▶ _Work request_
Transcribe every record that appears below, exactly and in full.

[Information shown Boundary: Start]

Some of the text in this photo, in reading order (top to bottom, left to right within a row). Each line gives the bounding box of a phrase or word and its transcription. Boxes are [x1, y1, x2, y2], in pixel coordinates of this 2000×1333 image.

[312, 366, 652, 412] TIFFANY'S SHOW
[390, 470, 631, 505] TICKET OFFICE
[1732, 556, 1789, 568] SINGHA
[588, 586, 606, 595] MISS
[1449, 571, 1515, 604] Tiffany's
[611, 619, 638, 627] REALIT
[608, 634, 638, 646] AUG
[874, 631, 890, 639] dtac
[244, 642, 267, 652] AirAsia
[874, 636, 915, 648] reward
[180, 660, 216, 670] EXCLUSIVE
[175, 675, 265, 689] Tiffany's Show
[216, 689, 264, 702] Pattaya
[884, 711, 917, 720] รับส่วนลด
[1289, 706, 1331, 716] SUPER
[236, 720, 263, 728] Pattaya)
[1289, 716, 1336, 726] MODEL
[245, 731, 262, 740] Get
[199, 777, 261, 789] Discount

[Information shown Boundary: End]

▶ _Response to this exercise_
Some of the text in this photo, in reading order (top to bottom, left to right within a row). Each line gives the bounding box of a phrase or word and its transcription. Boxes are [x1, y1, x2, y2], in pixel coordinates of this 2000×1333 image.

[312, 366, 652, 412] TIFFANY'S SHOW
[390, 470, 631, 505] TICKET OFFICE
[1732, 556, 1789, 568] SINGHA
[588, 586, 606, 595] MISS
[1449, 571, 1515, 604] Tiffany's
[611, 619, 638, 627] REALIT
[608, 634, 638, 646] AUG
[874, 631, 890, 639] dtac
[244, 642, 267, 652] AirAsia
[874, 636, 915, 648] reward
[180, 660, 216, 670] EXCLUSIVE
[175, 675, 265, 689] Tiffany's Show
[216, 689, 264, 702] Pattaya
[884, 711, 917, 720] รับส่วนลด
[1289, 706, 1331, 716] SUPER
[236, 720, 263, 728] Pattaya)
[1289, 716, 1336, 726] MODEL
[245, 731, 262, 740] Get
[199, 777, 261, 789] Discount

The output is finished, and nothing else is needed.